Die Umkehrung der Steuerschuldnerschaft (sowohl im Rahmen des Reverse-Charge-Verfahrens, als auch bei der Erwerbsbesteuerung) bei Leistungen eines Unternehmers an einen anderen Unternehmer ist nur eine Besonderheit von Vielen im Umsatzsteuerrecht, nach der nicht – wie regelmäßig – der leistende Unternehmer, sondern der Leistungsempfänger die Umsatzsteuer zu erklären und abzuführen hat.
Der leistende Unternehmer trägt dabei jedoch das Risiko, dass sämtliche Voraussetzungen für die Anwendung der Umkehr der Steuerschuldnerschaft tatsächlich erfüllt sein müssen, da er ansonsten für die nicht abgeführte Umsatzsteuer haftet. Umgekehrt kann der Leistungsempfänger für den Fall, dass er fälschlicherweise an den Leistenden die Umsatzsteuer abführt, keinen Vorsteuerabzug geltend machen.
Das Reverse Charge Verfahren als auch die Erwerbsbesteuerung wurden etabliert, um dem sich seit Jahrzehnten entwickelnden Umsatzsteuerbetrug in Europa entgegen zu wirken.
Meistens sind es sogenannte Karussellgeschäfte, bei denen die Produkte entweder immer wieder innerhalb der EU-Mitgliedstaaten verkauft und tatsächlich bewegt werden oder es handelt sich zwischenzeitlich sogar um virtuelle Waren, die im Online-Shop zur Generierung einer Rechnung verkauft werden.
Der jährliche Umsatzsteuerschaden der EU beläuft sich nach einer Hochrechnung der EU auf 45 bis 53 Milliarden Euro. Teilweise wird der Schaden sogar auf bis zu 100 Milliarden Euro jährlich geschätzt.
Seit 2011 ist die EU darum bemüht, verschiedene Maßnahmen auszuarbeiten und zu ergreifen, um den Umsatzsteuerbetrug einzudämmen.
Aktuell wurde ein Aktionsplan für ein einfaches, effektives und betrugserprobtes Umsatzsteuersystem, angepasst an den europäischen Binnenmarkt, durch die Europäische Kommission initiiert.

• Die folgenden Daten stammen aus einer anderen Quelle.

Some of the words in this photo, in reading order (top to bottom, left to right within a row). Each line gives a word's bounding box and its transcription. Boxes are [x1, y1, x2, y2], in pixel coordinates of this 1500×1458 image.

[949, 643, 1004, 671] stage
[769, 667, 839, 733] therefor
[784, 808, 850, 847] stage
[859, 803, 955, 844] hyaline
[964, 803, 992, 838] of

Dieser Aktionsplan diskutiert 4 Alternativen, um das komplizierte Umsatzsteuersystem durch einheitliche Regelungen sicherer und anwenderfreundlicher werden zu lassen:

  1. Besteuerung innereuropäischer Lieferungen am Bestimmungsort der Ware
  2. Besteuerung innereuropäischer Lieferungen am (Wohn)Sitz des Empfängers
  3. Reverse-Charge-Verfahren am (Wohn)Sitz des Empfängers
  4. Reverse-Charge-Verfahren am Bestimmungsort der Ware

 
Gleichzeitig wurde eine Debatte über eine grundsätzliche Vereinfachung des Umsatzsteuerrechts und eine bessere Zusammenarbeit zwischen der Steuerverwaltung und der Europäischen Kommission angeregt, um den Kampf gegen Umsatzsteuerbetrug durch einen intensiveren Informationsaustausch zu ermöglichen.
Derzeit werden durch die Europäische Kommission noch weitere Informationen und Meinungen zur Umsetzung dieser Maßnahmen eingeholt.

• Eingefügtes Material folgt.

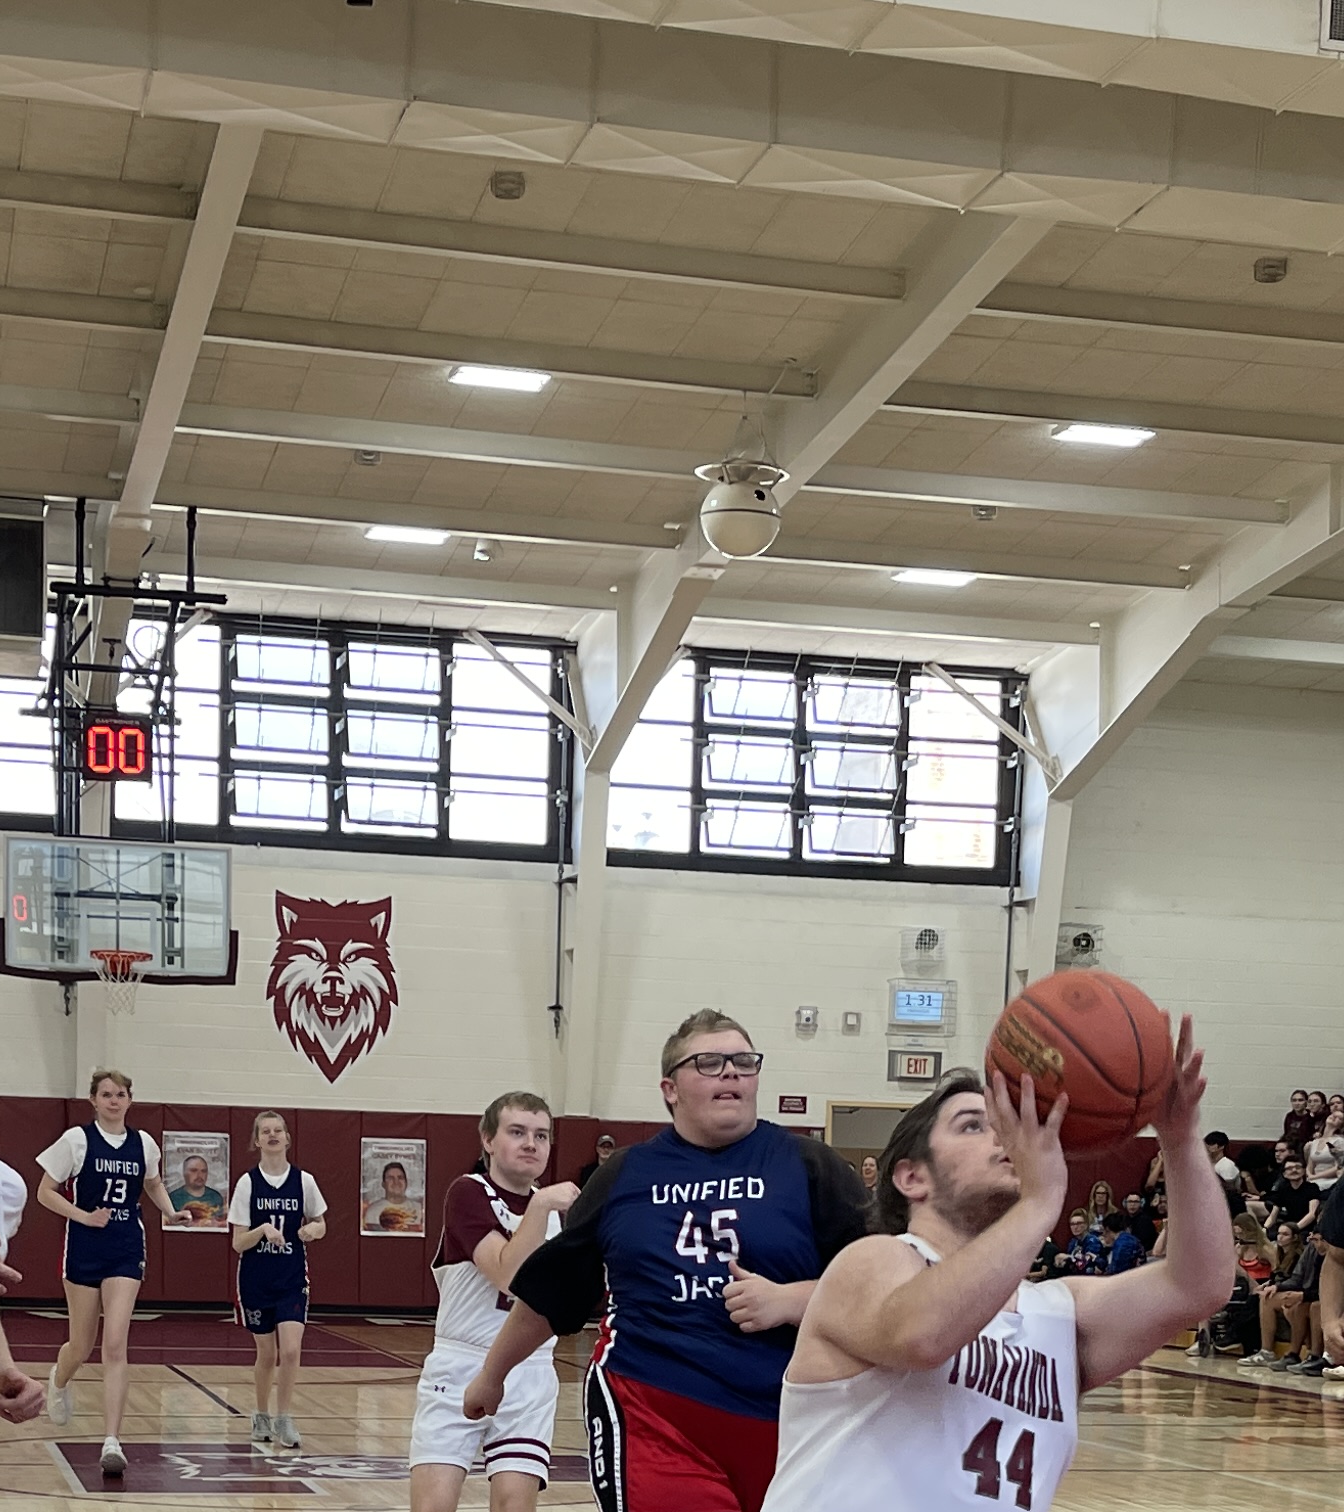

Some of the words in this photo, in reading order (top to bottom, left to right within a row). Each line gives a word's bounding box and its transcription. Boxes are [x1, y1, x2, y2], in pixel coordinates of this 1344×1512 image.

Inwieweit diese Maßnahmen wirklich zeitnah umgesetzt werden, ist derzeit noch nicht absehbar. Sicher ist jedoch, dass die EU dem Umsatzsteuerbetrug auf der Spur ist und alle umsetzbaren Maßnahmen ergreifen wird, um den Betrug einzudämmen.
(Quelle: Europäische Commission; Roadmap 01/2016 Action Plan for a simple, efficient and fraud-proof definitive system of Value Added Tax tailored to the single market)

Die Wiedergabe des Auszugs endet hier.